## DATA TO PROCESS:

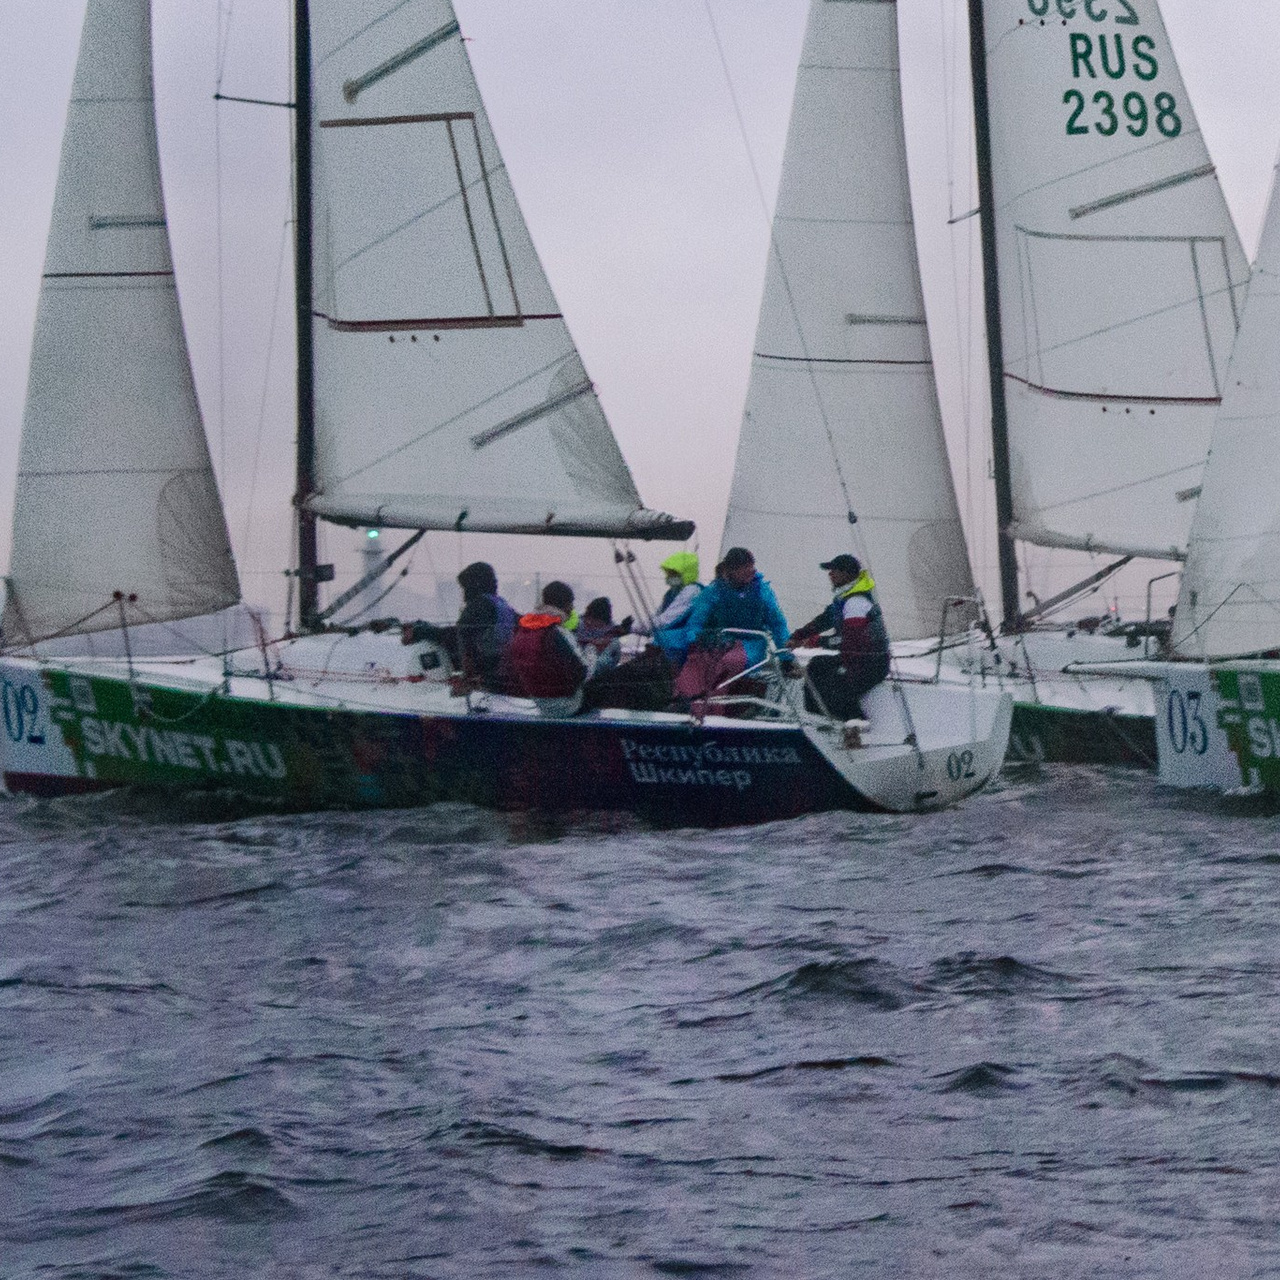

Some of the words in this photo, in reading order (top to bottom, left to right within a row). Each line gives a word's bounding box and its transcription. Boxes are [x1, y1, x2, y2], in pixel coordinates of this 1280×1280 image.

[1069, 32, 1159, 81] RUS
[1063, 89, 1182, 138] 2398
[3, 679, 46, 745] 02
[1167, 689, 1208, 756] 03
[80, 716, 289, 779] SKYNET.RU
[620, 738, 801, 767] Республика
[946, 749, 976, 781] 02
[628, 762, 752, 791] Шкипер
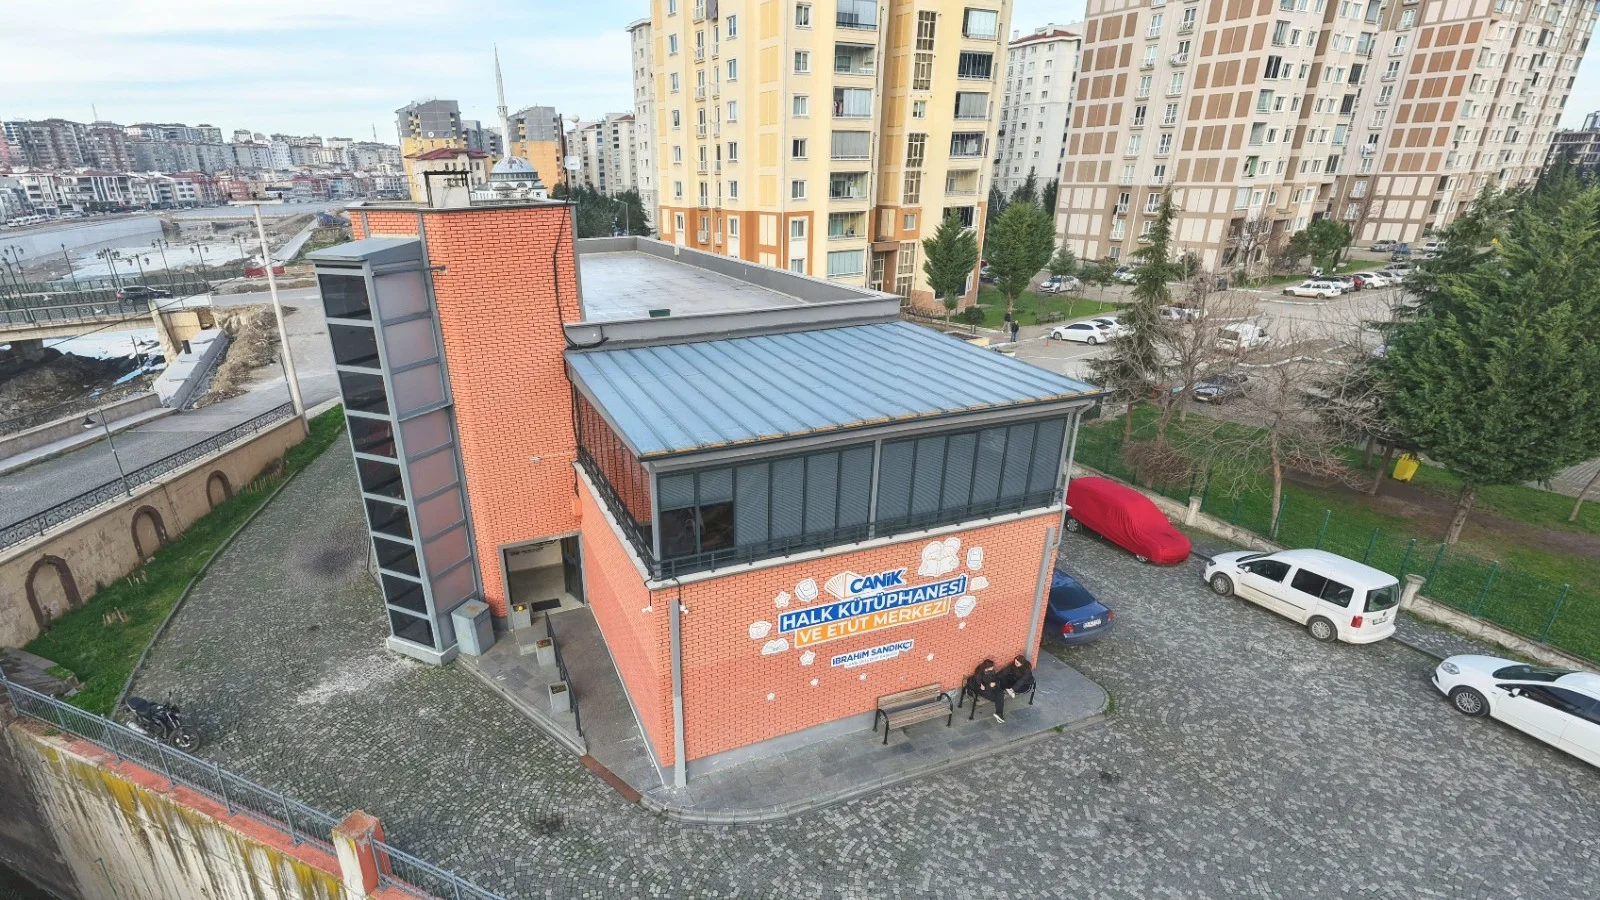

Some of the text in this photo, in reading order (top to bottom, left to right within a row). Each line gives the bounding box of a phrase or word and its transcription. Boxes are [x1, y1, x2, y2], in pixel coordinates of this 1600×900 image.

[782, 576, 964, 630] HALK KÜTÜPHANESİ
[799, 627, 823, 643] VE
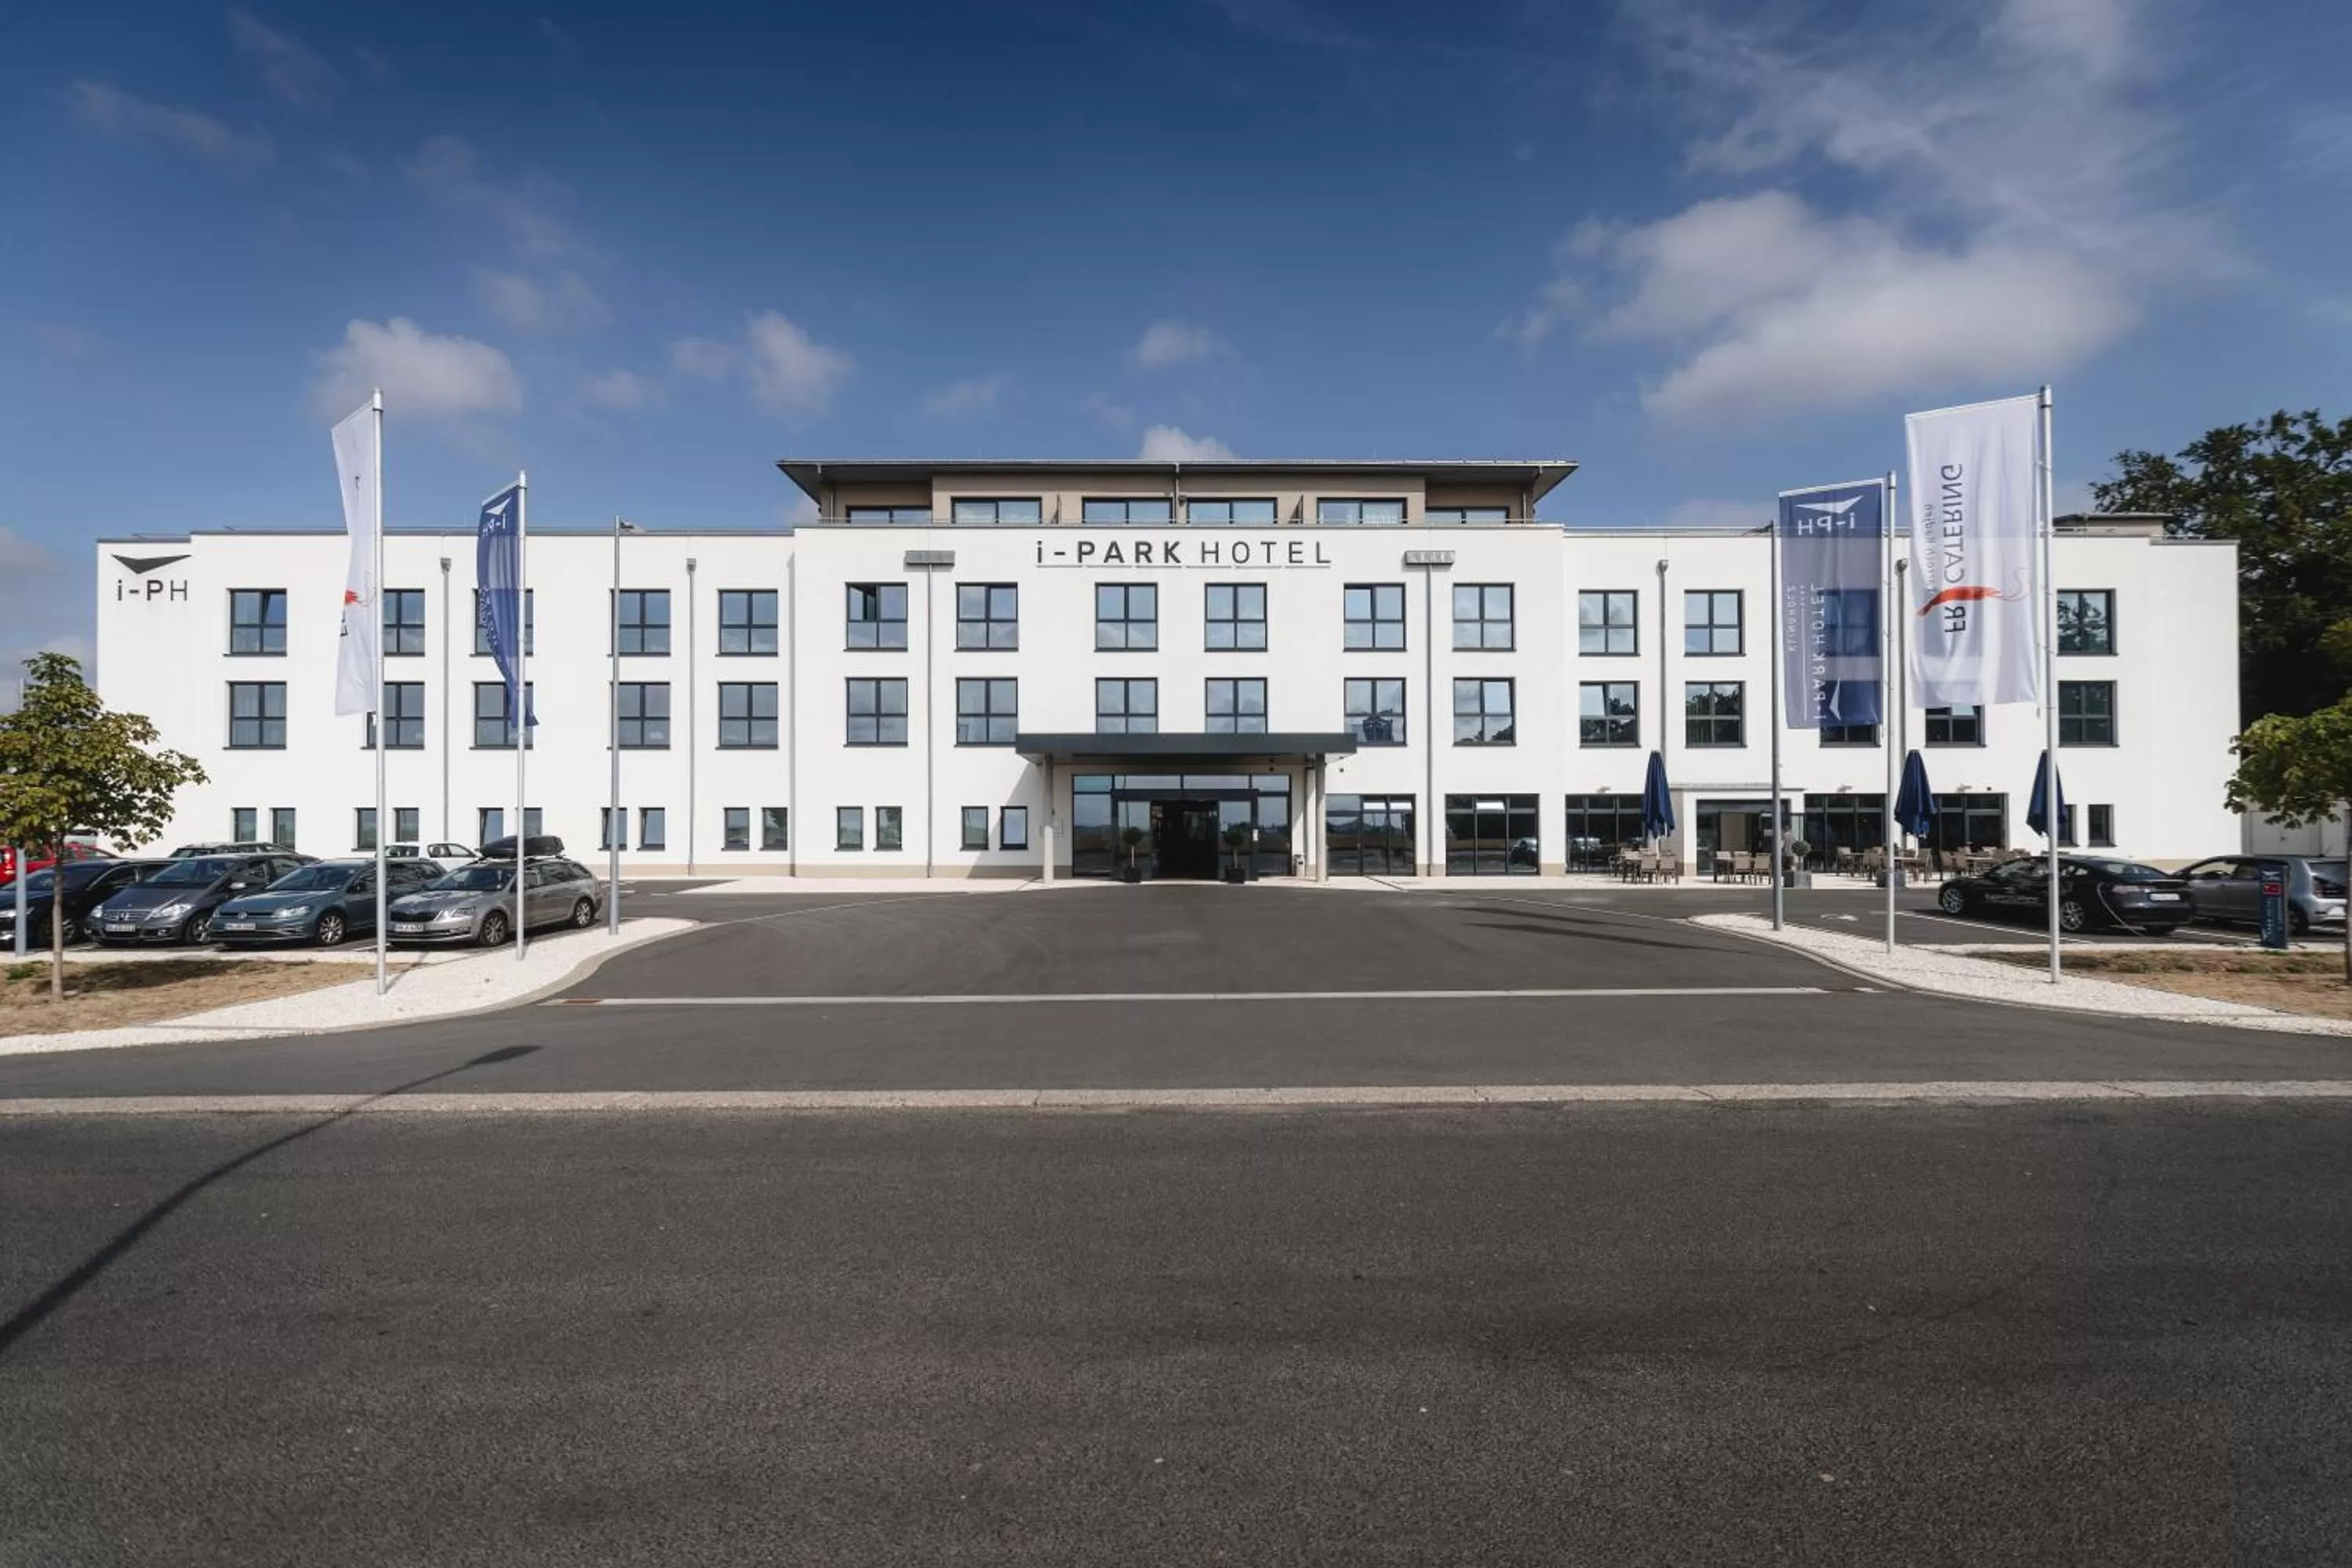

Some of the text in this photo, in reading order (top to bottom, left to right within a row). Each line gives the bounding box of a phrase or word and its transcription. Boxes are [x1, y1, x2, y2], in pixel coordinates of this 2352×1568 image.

[1036, 541, 1331, 564] i-PARK HOTEL
[118, 579, 187, 601] i-PH

## EXERCISE INSTRUCTIONS:
Could you set down the material above word for word while dropping its pictures?

## TASK RESULT:
Some of the words in this photo, in reading order (top to bottom, left to right within a row). Each line gives a word's bounding box and its transcription. Boxes are [x1, y1, x2, y2], in pixel coordinates of this 1280×1280 image.

[1069, 32, 1159, 81] RUS
[1063, 89, 1182, 138] 2398
[3, 679, 46, 745] 02
[1167, 689, 1208, 756] 03
[80, 716, 289, 779] SKYNET.RU
[620, 738, 801, 767] Республика
[946, 749, 976, 781] 02
[628, 762, 752, 791] Шкипер

Some of the text in this photo, in reading order (top to bottom, left to right within a row). Each line gives the bounding box of a phrase or word and its transcription. Boxes are [x1, y1, x2, y2], in pixel coordinates of this 1600×900 image.

[782, 576, 964, 630] HALK KÜTÜPHANESİ
[799, 627, 823, 643] VE

Some of the text in this photo, in reading order (top to bottom, left to right within a row). Each line gives the bounding box of a phrase or word and its transcription. Boxes are [x1, y1, x2, y2], in pixel coordinates of this 2352×1568 image.

[1036, 541, 1331, 564] i-PARK HOTEL
[118, 579, 187, 601] i-PH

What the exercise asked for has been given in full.